Remember, 71% of Australians don’t trust the printed word. Many more trust online news. And the Pew study confirm that 2008 was the year that that view went global.
I don’t make the news, I just report it. Other people make the news. Though of course, they could report it themselves. heh. But it’s all got a bit boring – I mean, I could keep blogging the print media demise. Number of newspapers closing, journalists being laid off, statistics and reports, diminished trust, diminished revenue, Citizen Rupert speeches, but there are those who insist we’re making it up, to propagate some kind of blogger war. Why ‘massive drop in newspaper ad revenue’ equals ‘WTF OMG you bloggers hate mainstream media’ I don’t know.
Ah well. Merry Christmas!
sad but true. Its a dangerous wold when w rely on social media for our news and sources of information.
Social media is a little like post-modern art. It takes someone elses thoughts, strips them of their context and passes them on in a new stripped down and slightly twisted fashion (think Andy W’s soup can).
Unfortunately the price we all pay for a narcisstic generation each claiming their 15 minutes is a news service without independence, objectivity, or a wider framework.
I for one hope that professional journalism finds a way to prosper in the new social media landscape.
*amused* not sure I understand – are you saying you don’t trust your social network (family, friends, leaders, contacts) to bring you trustworthy news? Should you perhaps improve the quality of your connections online?
Or are you saying you trust TV and newspapers to bring you unbiased reporting rather than the person on the ground experiencing it. And is that what you want – reports devoid of personal stories?
Do you put all social media in one basket – strangers that you don’t know that Twitter alongside @kevinruddPM and @turnbullMalcolm and @lancearmstrong. Or do you connect to trustworthy sources only?
Given that – unless a journo starts the war or shoots someone – traditional journalism is reporting real people’s news, is it possible that someone may talk to a journalist then go home to Facebook or Twitter or blog their experience? Does it stop being news when they do that?
Just trying to understand what additional value a journalist brings to the table, you see 🙂
Few points, Laurel:
– Readers are migrating to the web but they are largely still getting their news from mainstream sources, particularly in Australia.
– The main revenue problem for newspapers is that while they’re reaching more people than ever before with the web + print editions, the classified revenue being lost from the printed product is more than the gain in online advertising. It’s got nothing to do with the actual journalism.
– Twitter isn’t a news source but it’s useful for finding primary accounts of disasters and terrorist attacks and some consumer gripes. But that’s about the only facet of news it covers.
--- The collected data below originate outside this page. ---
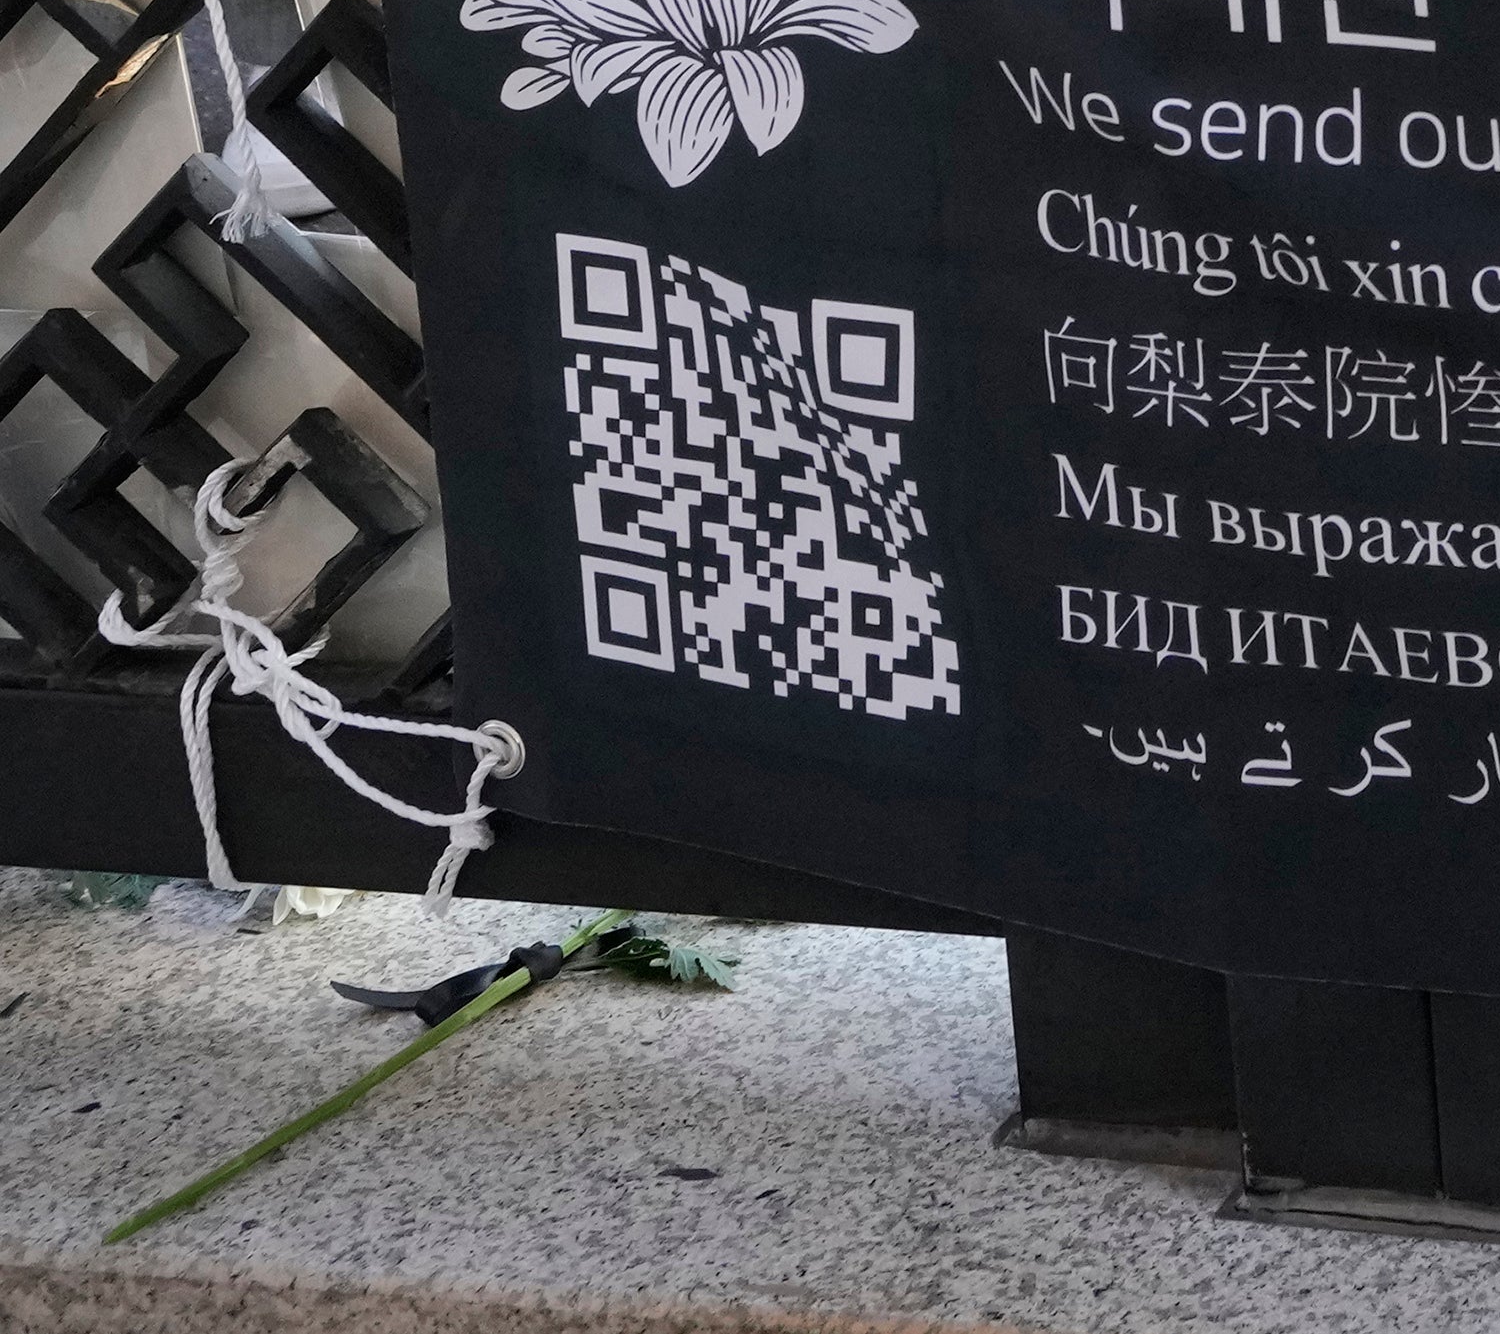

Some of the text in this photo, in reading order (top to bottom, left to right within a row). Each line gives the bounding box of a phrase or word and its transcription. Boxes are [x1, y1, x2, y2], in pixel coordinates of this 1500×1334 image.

[998, 60, 1127, 144] We
[1151, 86, 1364, 168] send
[1037, 188, 1237, 299] Chúng
[1249, 232, 1331, 294] tôi
[1344, 239, 1453, 311] xin
[1052, 453, 1182, 541] Мы
[1056, 584, 1210, 676] БИД
It doesn’t touch politics, uncover corruption or cover the city’s news like a newspaper does.
– Most chatter on social media about news is based on mainstream news items.
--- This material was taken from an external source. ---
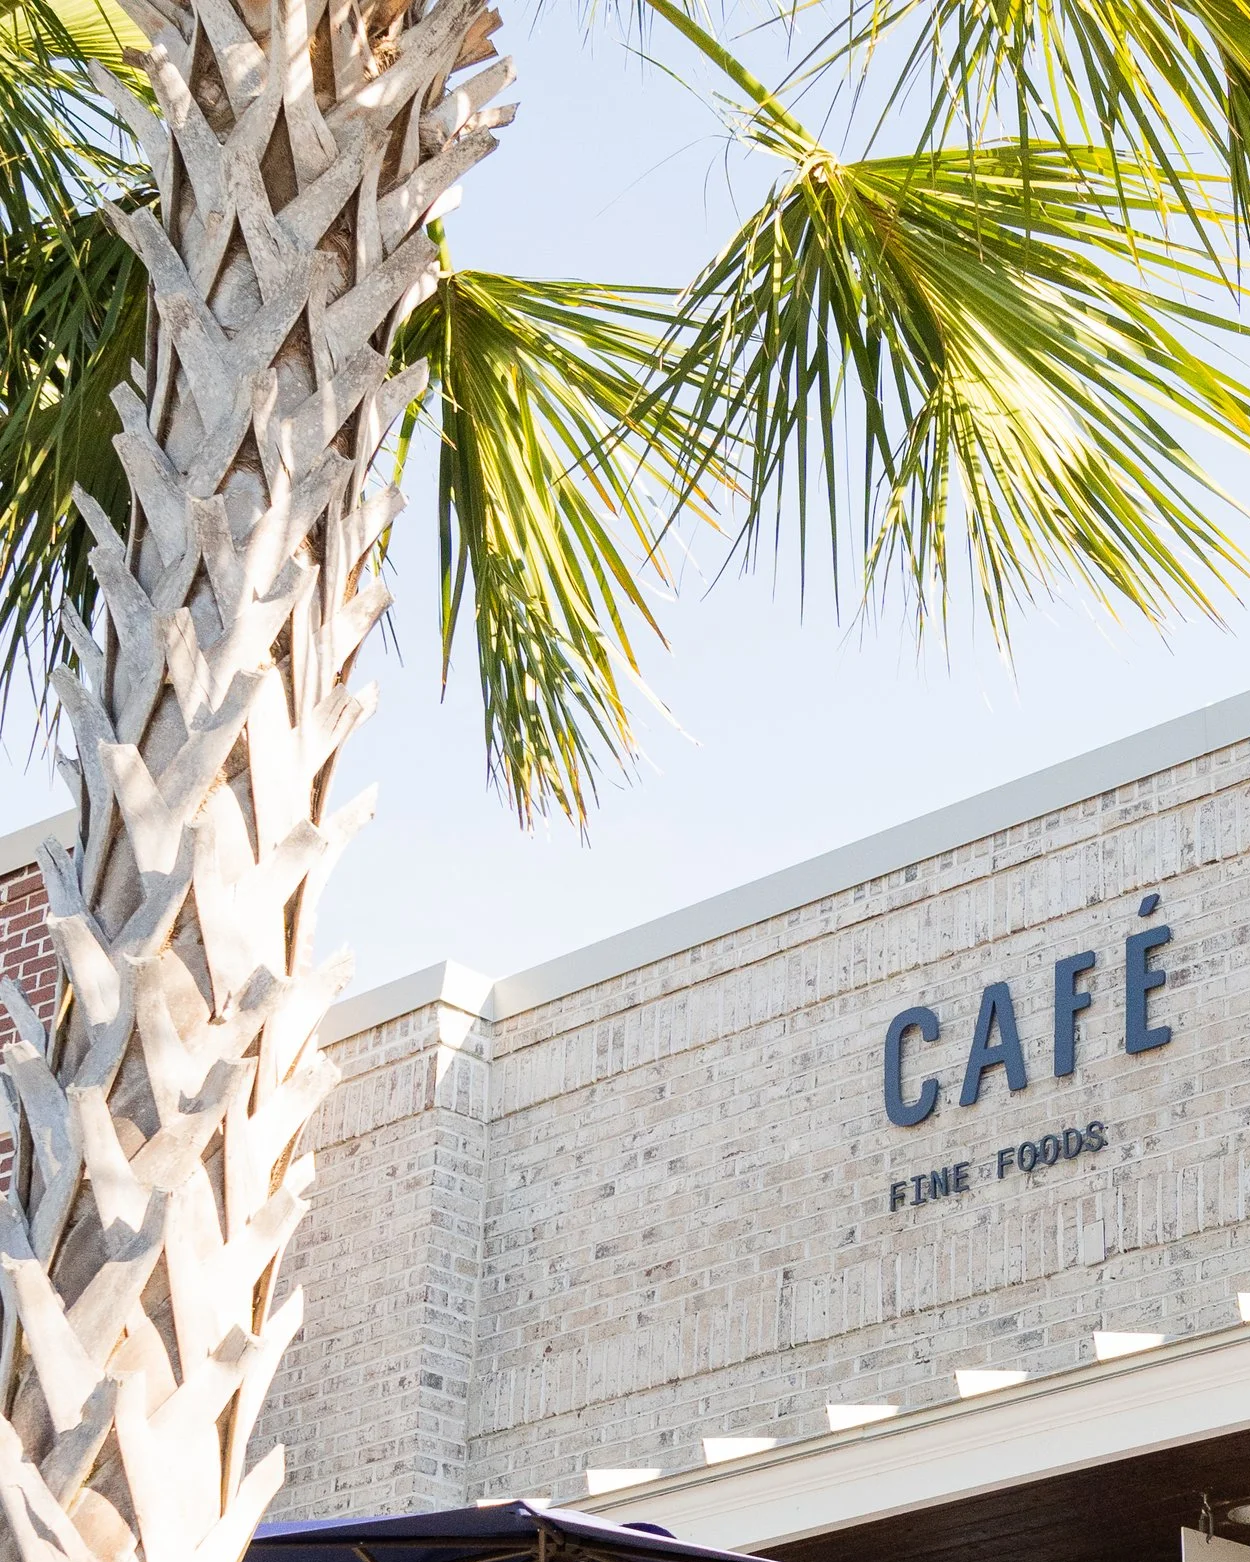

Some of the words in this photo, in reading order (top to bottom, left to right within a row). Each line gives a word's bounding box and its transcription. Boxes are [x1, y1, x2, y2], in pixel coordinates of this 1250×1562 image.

[884, 893, 1172, 1127] CAFÉ
[890, 1161, 970, 1213] FINE
[997, 1120, 1108, 1179] FOODS
– If you think newspaper articles are “devoid of personal stories” you are more out of touch than I thought.
But the main point I wanted to raise is that your income is derived from singing the virtues of social media. Of course you delight in the failure of newspapers.
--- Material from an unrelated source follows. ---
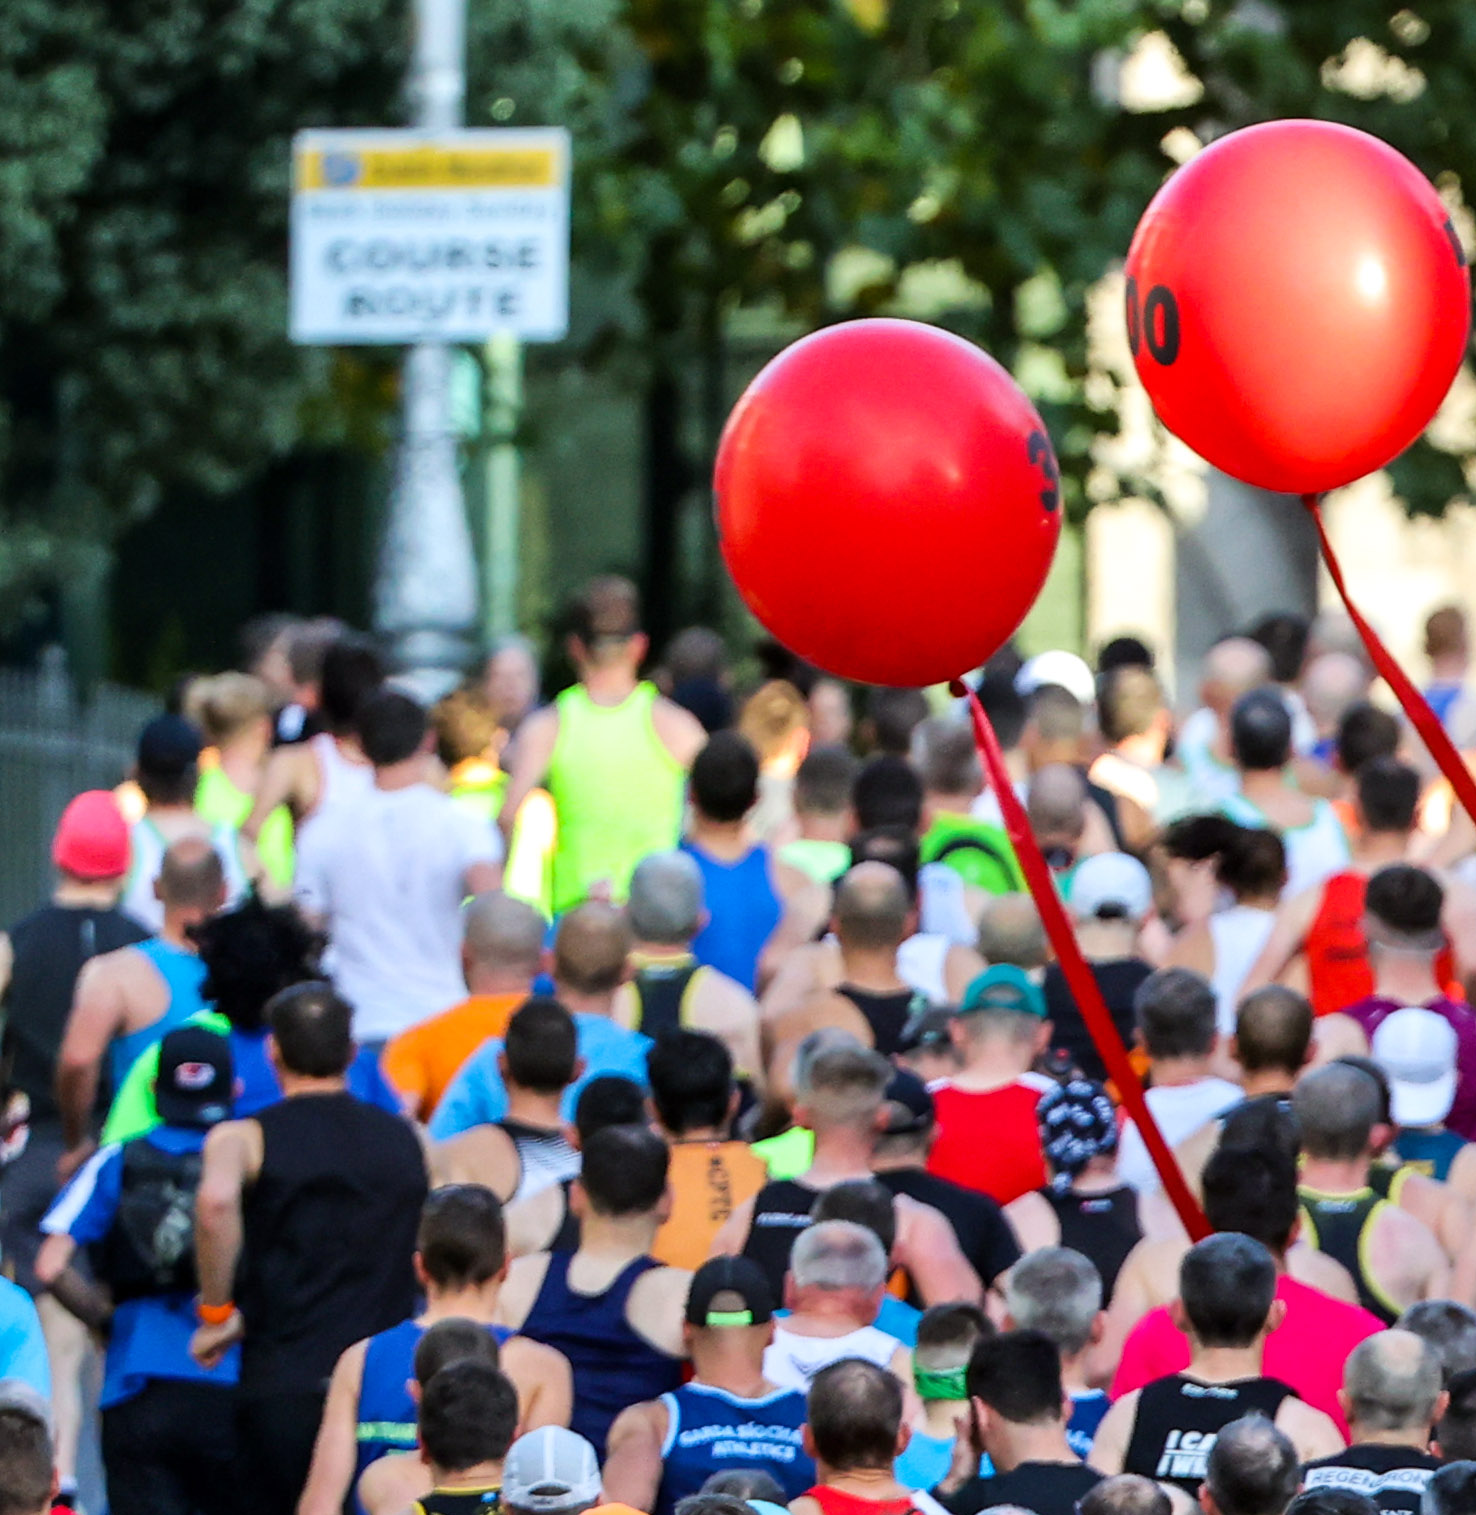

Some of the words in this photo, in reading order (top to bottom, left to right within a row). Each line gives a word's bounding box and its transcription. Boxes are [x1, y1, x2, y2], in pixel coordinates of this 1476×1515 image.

[323, 238, 540, 280] COURSE
[344, 283, 519, 321] ROUTE
[712, 1440, 796, 1464] ATHLETICS
The sad part is that while social media evangelists like you deride the mainstream media and urge on its demise, you will surely be worse off by the shrinking newsroom
Social media is great for finding a diverse array of views and new voices but it’s no replacement for the deep, tireless reporting a fully staffed newsroom provides.
Asher, Asher, Asher, a good proportion of my clients ARE traditional media outlets. Do some research kiddo – I have no problem in advising them on how to integrate – and it IS a sad day when good journalism dies. I don’t include you in that group by the way – your rehash of any negative social networking news is bad news for everyone. Unless you can point me to an article where you didn’t write about waste of time Facebook, dying Second Life or inaccuracies of social media?
Given that we’ve already had the discussion re: you taking blog articles and rewriting them (with comments as ‘quotes’) as SMH pieces, let’s leave trustworthy news reports out of this discussion hmmm?
And it’s not me that doesn’t trust newspapers – I believe everyword I read. It’s 85% of Australians.
Media Bias
A large 85% (down 1% since September 2004) of Australians believe that Newspaper journalists are often biased,
74% (up 1%) believe TV reporters are often biased and 69% (down 6%) believe that Talk-back radio announcers are often biased.
The only form of mainstream media to escape the condemnation of the majority (and only just) is theInternet – 49% (up 8%) of Australians believe Internet sites are often biased. Roy Morgan
By the way young Moses, point me to your blog? You delight in leaving comments on here, so I’d love to return the compliment sometime.
And if one day you write an article about social media breaking a story first, to the benefit of all, or how a virtual world brought pleasure to a dying woman or how Facebook helped someone contact their long lost family, I’ll happily link to you and give you all the link love I can raise. But you better send it to me, cos I don’t read you anymore 😛 In the meantime, don’t lecture to me about negativity, hon.
Anyway, what are you doing, perusing social media sites on Boxing Day? Go out, get some fresh air, have an icecream. Before I get really cross with you. Shoo!
Hey Laurel,
good article. You are the greatest, and they hate it 🙂
With all the “product placements” and political bias, is there any reason that a normal sane person would trust mainstream media as their sole source of information?
Do an experiment… watch the Channel 9 news from 6-6.30 any weeknight, and then switch over to SBS… most of the time you would have to wonder if they are on the same planet, let alone in the same country reporting the same news. The subjectivity is astounding.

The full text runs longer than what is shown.